CString In A Nutshell

I've heard several misconceptions about the use of CStrings and thought it would be beneficial to some of you to clear these up. In this document I will describe how CString works and address 3 key misconceptions:
  • Passing CString by value is bad
  • Using CString causes memory fragmentation
  • CString is slow

Inside CString

The CString data type is 32 bits. Passing CString by value is no more bulky than passing an int by value. You can verify this with an assertion ASSERT(sizeof(CString) == 4);


class CString
{
   ...
   LPTSTR m_pchData;   // pointer to ref counted string data
};

This is the "header" structure of every string:


struct CStringData
{
   long nRefs;             // reference count
   int nDataLength;        // length of data
   int nAllocLength;       // length of allocation
   // TCHAR data[nAllocLength+1]
   TCHAR* data()           // TCHAR* to managed data
      { return (TCHAR*)(this+1); } // this+1 == ((void*)this)+12
};

Lets say you create a CString object like this:

CString str("hello");

First CString calls CString::AllocBuffer(5). This actually allocates 5 + 1 + 12 bytes (chunk + EOS + CStringData). nAllocLength will be set to 5 as will nDataLength. You might think that nDataLength should be 18, but since the extra 13 bytes are ALWAYS allocated, it's more efficient for CString to leave off those extra 13. In release builds, your strings are allocated in blocks of 64, 128, 256, or 512, this is where nDataLength comes in handy. In the case of our 5 character string, nDataLength would be 64. Using blocks reduces memory fragmentation and speeds up operations like adding. Reduction of memory fragmentation is achieved by the use of CFixedAlloc. This class never actually frees the memory allocated (until it is destroyed or explicitly told to), but returns free'd blocks to it's "free pool", so no memory fragmentation occurs. CFixedAlloc can be found in the MFC source directory in FIXEDALLOC.H and FIXEDALLOC.CPP if your curious. For strings larger than 512 characters, the memory is allocated and freed the same as in debug builds.

nRefs is set to 1

m_pchData is set like this: m_pchData = pData->data(); pData is the block of memory allocated by AllocBuffer and cast to CStringData. So what we get looks like this:


   1    5    5 h e l l o \0
---- ---- ---- - - - - - -   <-bytes
               ^m_pchData

Of course to free the block of memory, CString cannot free m_pchData, but instead frees (BYTE*)GetData(); GetData() returns ((CStringData*)m_pchData)-1. Remember that it's casting the pointer to a 12-byte structure and subtracting one structure from it (or 12 bytes).

Reference Counting

So how does reference counting help speed things up? Whenever you use the copy constructor or the operator=(const CString& stringSrc), the only thing that happens is this:


m_pchData = stringSrc.m_pchData
GetData()->nRefs++

If m_pchData had been == stringSrc.m_pchData, nothing at all happens.

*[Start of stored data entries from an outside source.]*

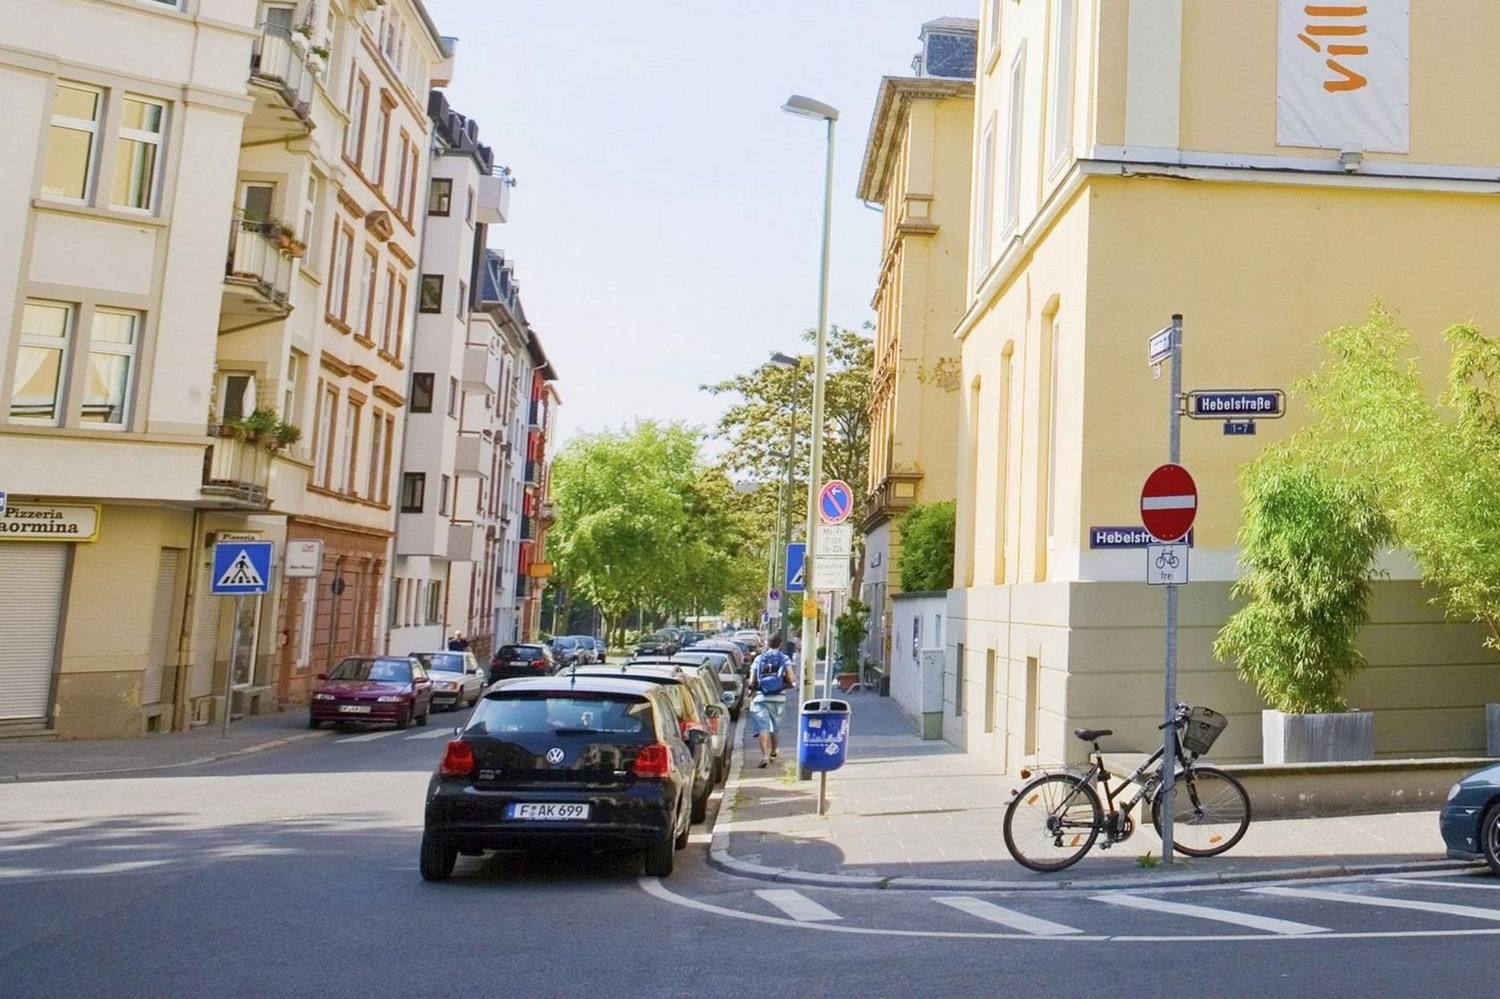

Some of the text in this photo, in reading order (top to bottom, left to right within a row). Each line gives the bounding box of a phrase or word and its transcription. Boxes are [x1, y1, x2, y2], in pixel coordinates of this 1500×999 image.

[1201, 396, 1272, 412] Hebelstraße
[1231, 423, 1249, 434] 1-7
[4, 507, 64, 520] Pizzeria
[0, 519, 80, 534] aormina
[1096, 531, 1159, 544] Hebelstr
[1160, 570, 1175, 580] frei
[537, 805, 556, 817] AK
[558, 804, 584, 817] 699

So this bit of code is very fast:


void foo(CString strPassed)
{
}

CString str("Hello");

foo(str);

No string copy occurs, and no memory is allocated. A 32-bit value is pushed on the stack, that value is set (strPassed.m_pchData = str.m_pchData), and an integer is incremented (strPassed.GetData()->nRefs++). That's only one operation more than passing an int by value where: A 32-bit value is pushed on the stack, and that value is set. Now granted, it's definetly quite a few more assembly instructions, but that's why we have 500Mhz CPUs, so don't sweat cycles. When it comes to user interfaces, there's no reason to sweat CPU cycles, the computer is capable of executing billions of instructions in a time frame perceivable by a human. Obviously if your doing intensive graphics animation or massive quantities of data manipulation you might wanna look at your inner loops and optimize there.

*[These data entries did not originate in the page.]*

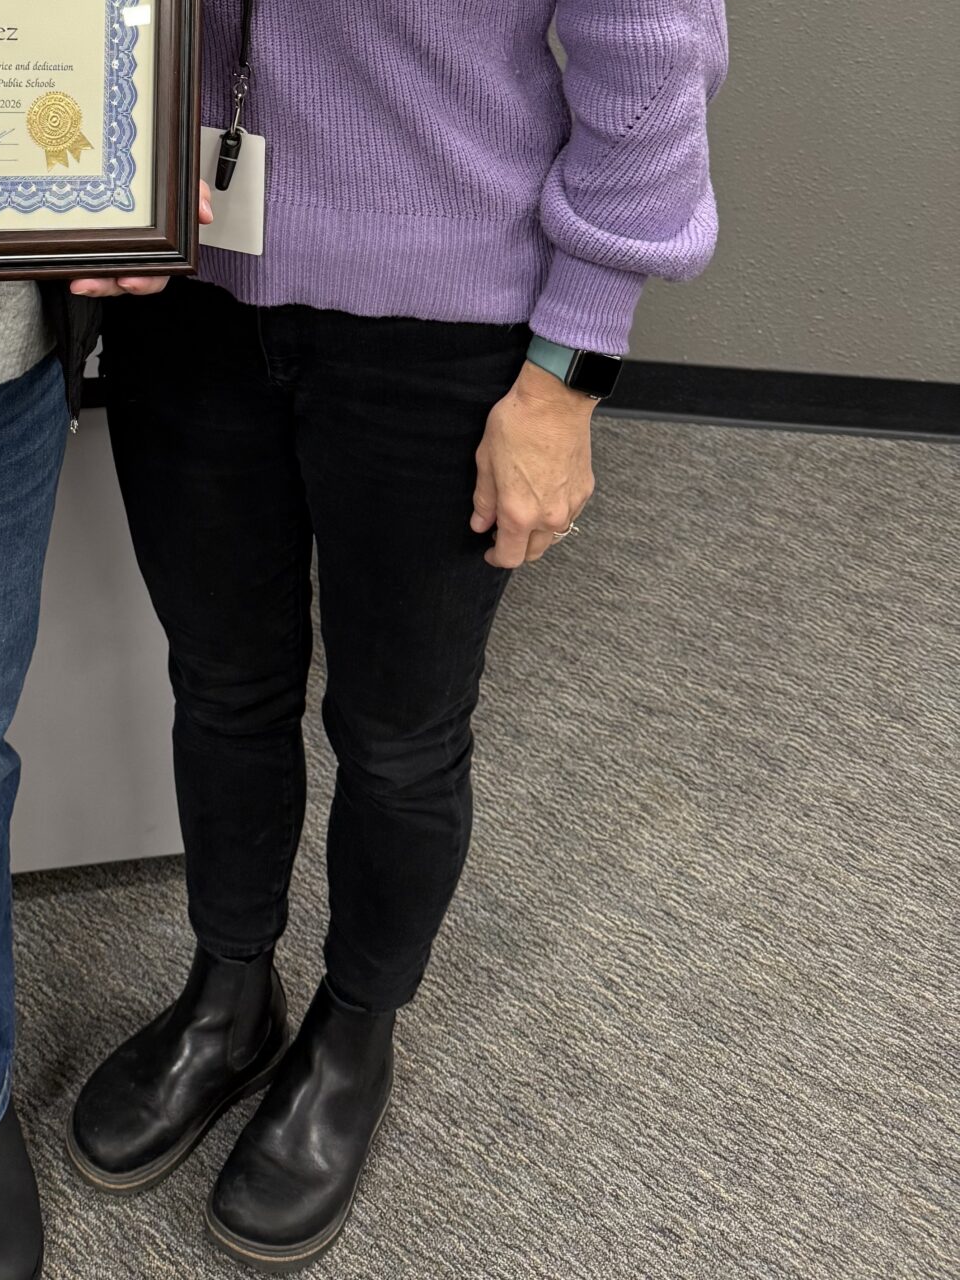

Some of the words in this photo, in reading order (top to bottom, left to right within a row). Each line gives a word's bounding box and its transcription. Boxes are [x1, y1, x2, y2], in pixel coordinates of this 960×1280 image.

[15, 61, 31, 71] and
[32, 61, 74, 72] dedication
[25, 78, 56, 88] Schools
[0, 100, 22, 109] 2026
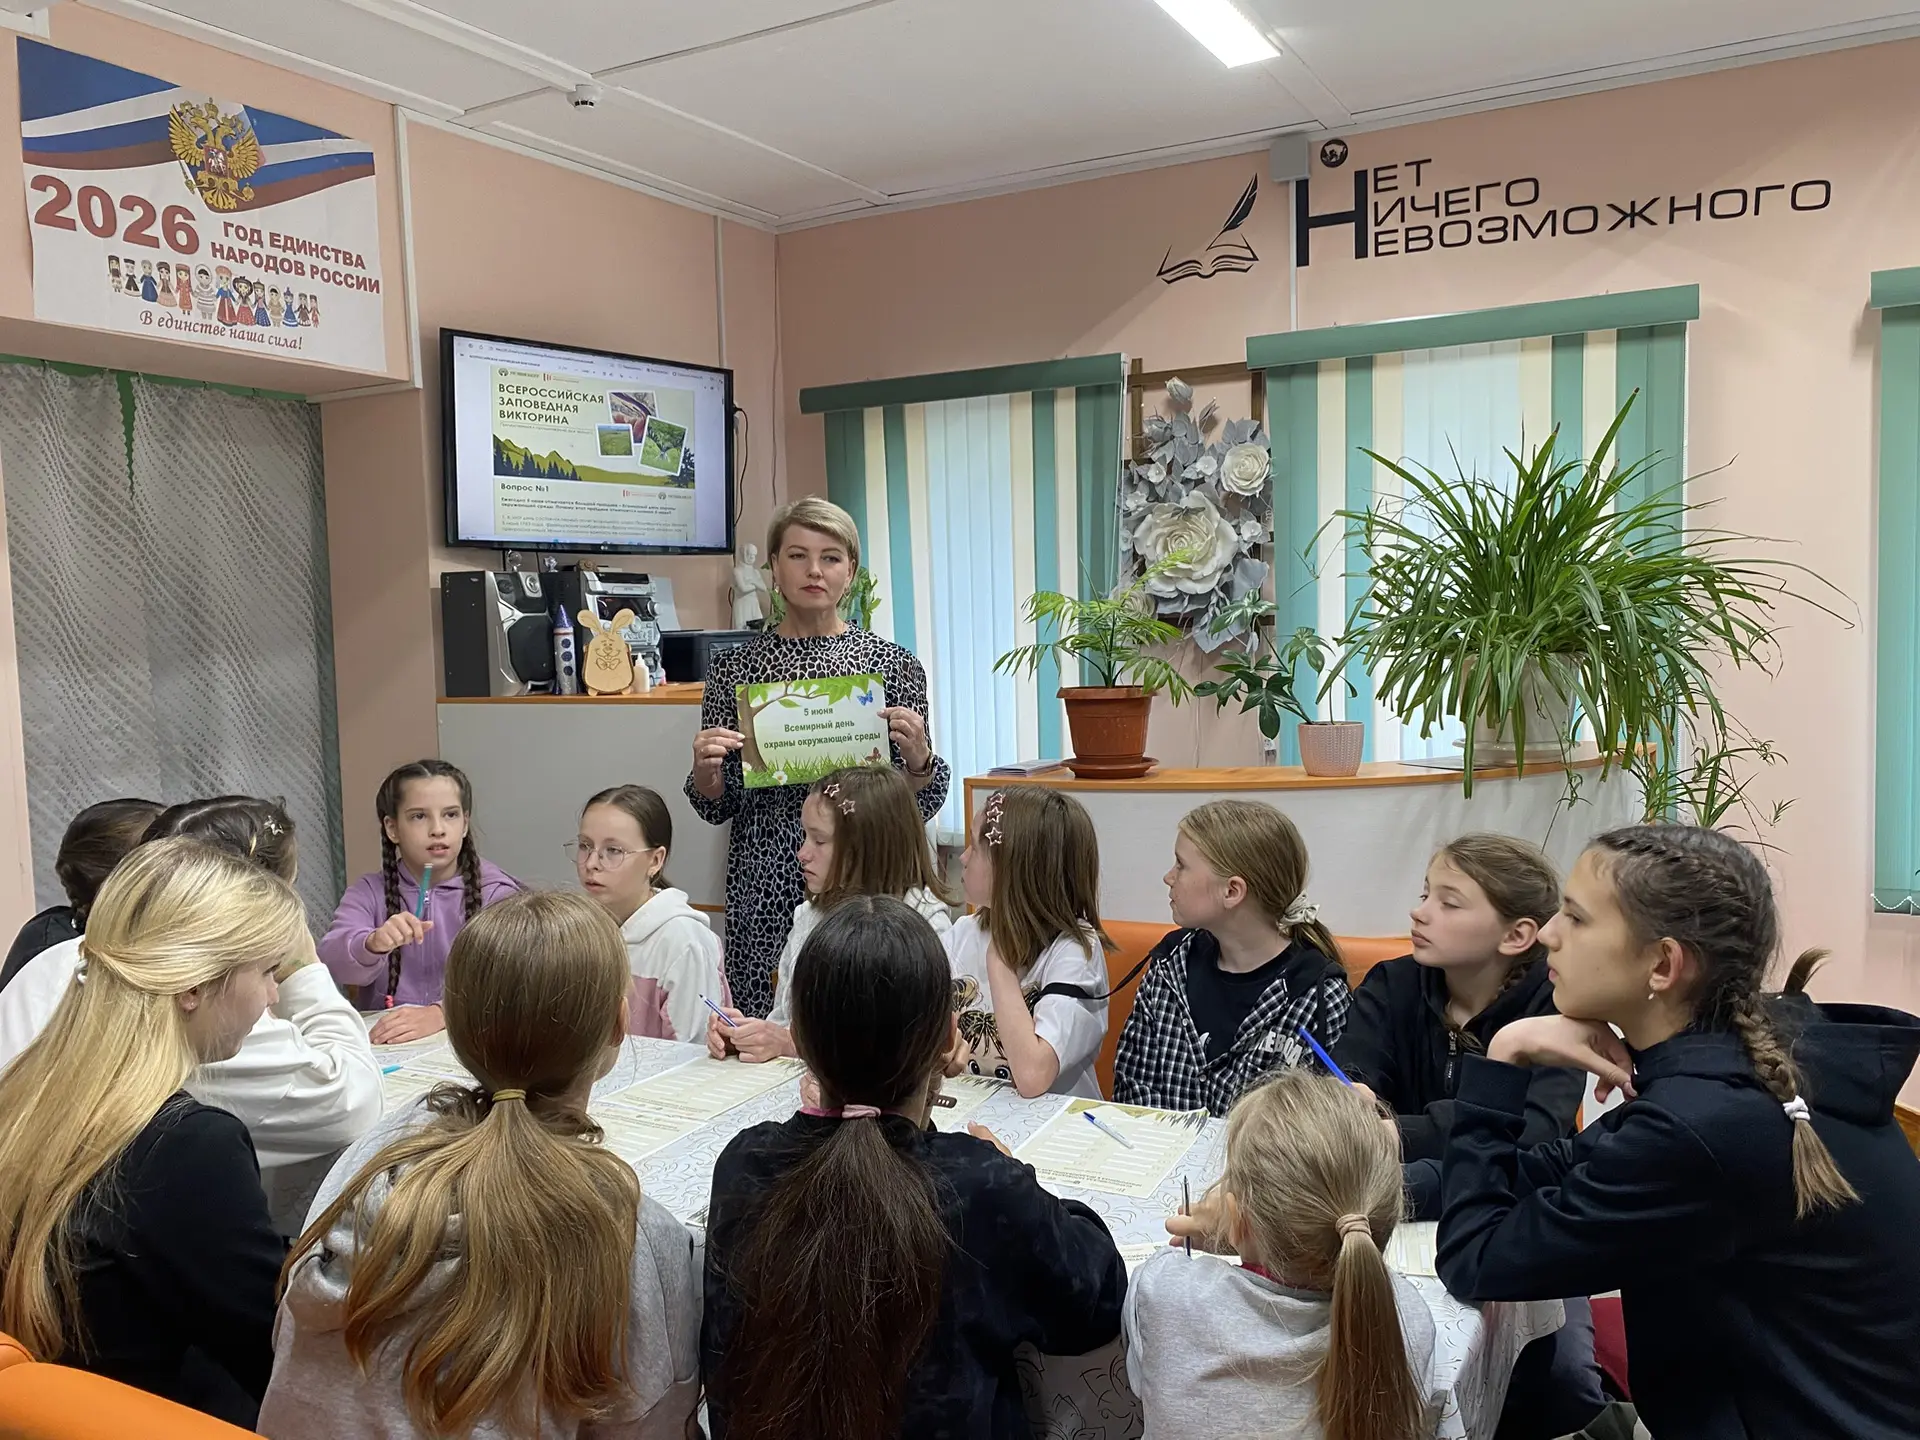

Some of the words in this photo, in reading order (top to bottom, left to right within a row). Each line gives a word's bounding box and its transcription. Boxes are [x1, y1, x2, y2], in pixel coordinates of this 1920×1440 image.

[29, 174, 200, 256] 2026
[223, 220, 264, 248] ГОД
[269, 230, 366, 270] ЕДИНСТВА
[211, 242, 306, 277] НАРОДОВ
[310, 265, 381, 295] РОССИИ
[139, 310, 153, 326] В
[157, 314, 226, 337] единстве
[228, 325, 266, 345] наша
[268, 334, 303, 350] сила!
[498, 383, 604, 404] ВСЕРОССИЙСКАЯ
[498, 397, 579, 414] ЗАПОВЕДНАЯ
[499, 410, 569, 425] ВИКТОРИНА
[500, 482, 534, 492] Вопрос
[535, 484, 550, 493] №1
[804, 708, 809, 716] 5
[811, 707, 834, 716] июня
[784, 720, 834, 733] Всемирный
[835, 720, 855, 729] день
[764, 737, 796, 750] охраны
[797, 733, 853, 747] окружающей
[854, 732, 881, 743] среды

The reason reference counts are kept is so that CString knows that it's "sharing" a string buffer with another CString object. If foo were to modify strPassed, CString would first allocate a new buffer and copy the string into that buffer (setting it's ref count to 1). Of course if foo never modifies strPassed, the allocation and copy never occur.

Empty Strings

An empty or uninitialized string m_pchData is set to _afxPchNil which looks like this:


  -1    0    0 \0 (EOS)
---- ---- ---- - (_afxInitData)
               ^_afxPchNil

Note that a -1 ref count means that the string is "locked" and so modifying and empty string always results in a new allocation.

Epilogue

Anyhow, that's CString in a nutshell. It's really a fun class to dig into. So if you've ever worried about passing CString objects all over the place, remember that your really essentially only passing a pointer around. It's quite efficient and if you have need to manage dynamic structured data, you might even consider this model.

Please note that this information is accurate as of VC++ 6.0. I've heard that not all of this is true for previous versions of MFC, but I have not personally verified this.